I vote for Beach Club or Beach Club Villas!  The villas may work out better because they have partial or a full kitchen! You get to use the Beach Club Main pool which is huge!  It extends all the way to Disney's Yacht Club.  They have a sand bottom pool and an area where kids can use their lunch pail and shovel to play and scoop sand and build sandcastles.  Pool tubes. and a water slide pirate ship area.  Beach Club has the best pool in all of Walt Disney World!  Plus they have the Beaches & Cream ice cream and diner type of restaurant near the pool. There is Hurricane Hanna's Grille Quick Service.  Cape May Character Breakfast (Mickey, Minnie, and other characters in Bathing Suits)  You can stroll along the Boardwalk.  There are lots of restaurants and entertainment on the Boardwalk plus carnival games, etc...

You can watch Disney movies on the beach!  You can walk over to Epcot or to Hollywood Studios or even take the water taxi boat!  It is a great location!  Visit disboards.com to read about the resorts, view pictures and reviews!

Cynthia T.


----------



## czar (Jan 28, 2014)

Vacationfuntips said:


> I vote for Beach Club or Beach Club Villas!  The villas may work out better because they have partial or a full kitchen! You get to use the Beach Club Main pool which is huge!  It extends all the way to Disney's Yacht Club.  They have a sand bottom pool and an area where kids can use their lunch pail and shovel to play and scoop sand and build sandcastles.  Pool tubes. and a water slide pirate ship area.  Beach Club has the best pool in all of Walt Disney World!  Plus they have the Beaches & Cream ice cream and diner type of restaurant near the pool. There is Hurricane Hanna's Grille Quick Service.  Cape May Character Breakfast (Mickey, Minnie, and other characters in Bathing Suits)  You can stroll along the Boardwalk.  There are lots of restaurants and entertainment on the Boardwalk plus carnival games, etc...
> 
> You can watch Disney movies on the beach!  You can walk over to Epcot or to Hollywood Studios or even take the water taxi boat!  It is a great location!  Visit disboards.com to read about the resorts, view pictures and reviews!
> 
> Cynthia T.





This was our first choice but unfortunately, it was booked.


----------



## Vacationfuntips (Jan 28, 2014)

Contact Walt Disney World Vacations and request the free planning DVD.  It may help you to decide on what works best for you?  Read reviews on tripadvisor.com and check with disboards.com and allears.net for reviews and suggestions + pictures and info. 

There is Disney's Boardwalk Hotel & Villas which is right across from Disney's Beach Club - same general area.  You are by many restaurants and close to Epcot and Hollywood Studios.

Another choice would be Bay Lake Towers (Villas) at the Contemporary Resort for ease and access to the Magic Kingdom.  There is also Disney's Wilderness Lodge (Villas).  Staying at the Contemporary Resort area you can ride the monorail to the MK park or over to Epcot.  With Wilderness Lodge you can take the boat over to MK.

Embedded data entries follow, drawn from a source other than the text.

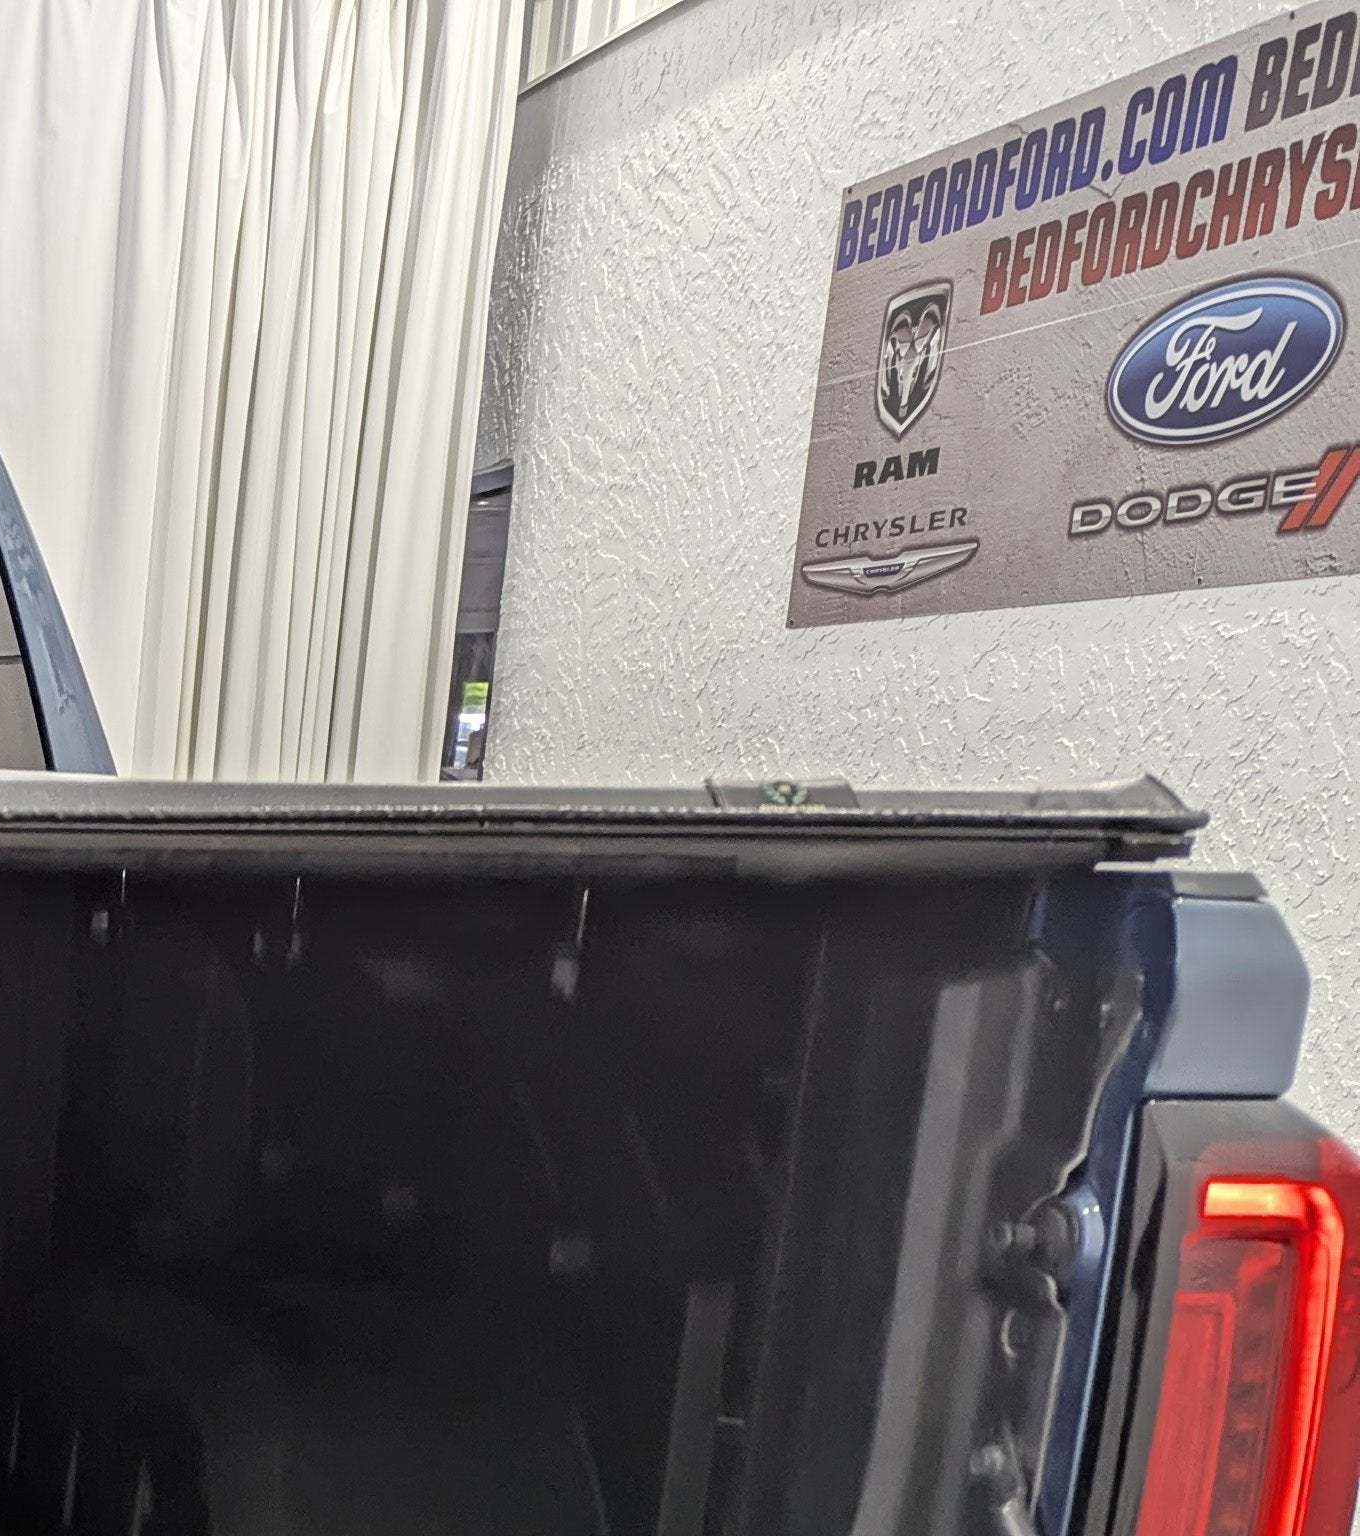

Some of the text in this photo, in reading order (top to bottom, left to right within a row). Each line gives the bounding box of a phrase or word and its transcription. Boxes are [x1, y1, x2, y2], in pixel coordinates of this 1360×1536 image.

[837, 55, 1238, 271] BEDFORDFORD.COM
[1146, 308, 1299, 420] Ford
[853, 447, 940, 489] RAM
[815, 507, 968, 548] CHRYSLER
[1070, 469, 1320, 534] DODGE

Another option as others have mentioned is Disney's Saratoga Springs Resort.  It is a very nice property and is a water taxi/boat or bus ride to Downtown Disney.  It has a very nice pool with 2 water slides.  One is great for young children.  There is also a water squirt kiddie area (think sprinkler type of water feature) It is further to the theme parks - but you have the Disney perk benefits such as Extra Magic Hours Benefit.  Plus the quiet pools stay open very late for some evening swim play. 

I suggest the villas since a 1 bedroom can usually hold up to 5 people and you get a kitchen.  You need to check the resort to see if it hold up to 5 people because at different resorts this may not be the case? Disney's Bay Lake Towers, Disney's Old Key West Villas, Disney's Animal Kingdom Lodge Villa, and Grand Floridian sleeps up to 5 in a 1 bedroom villa too.   For other resorts you may need a 2 bedroom villa or 2 hotel rooms to sleep up to 5. Having a villa may be a handy feature especially with kids, snacks, and left overs.  Kids are always hungry!   

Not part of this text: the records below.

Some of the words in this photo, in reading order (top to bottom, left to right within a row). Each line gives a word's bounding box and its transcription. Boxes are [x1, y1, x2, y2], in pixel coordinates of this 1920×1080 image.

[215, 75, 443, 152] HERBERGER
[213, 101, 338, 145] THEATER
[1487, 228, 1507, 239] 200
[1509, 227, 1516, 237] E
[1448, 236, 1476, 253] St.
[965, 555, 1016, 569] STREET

Disney's Caribbean Beach resort is very nice too - it is a moderate resort.  You would need two connecting rooms.  Disney is replacing all of their mini refrigerators at the hotels.  Depending on when you go - there may not be a refrigerator for your stay. They offer a pirate themed room too that the kids may enjoy?  The resort has great pools and a huge water bucket play area that dumps water - the kids seem to love it!  They also have a castle type theme going on at the pool area with a water slide.  There is a food court at Old Port Royale - with many choices and it is affordable.  They have just 1 full service restaurant.  I have not tried it - so I can not comment on the food at the restaurant. 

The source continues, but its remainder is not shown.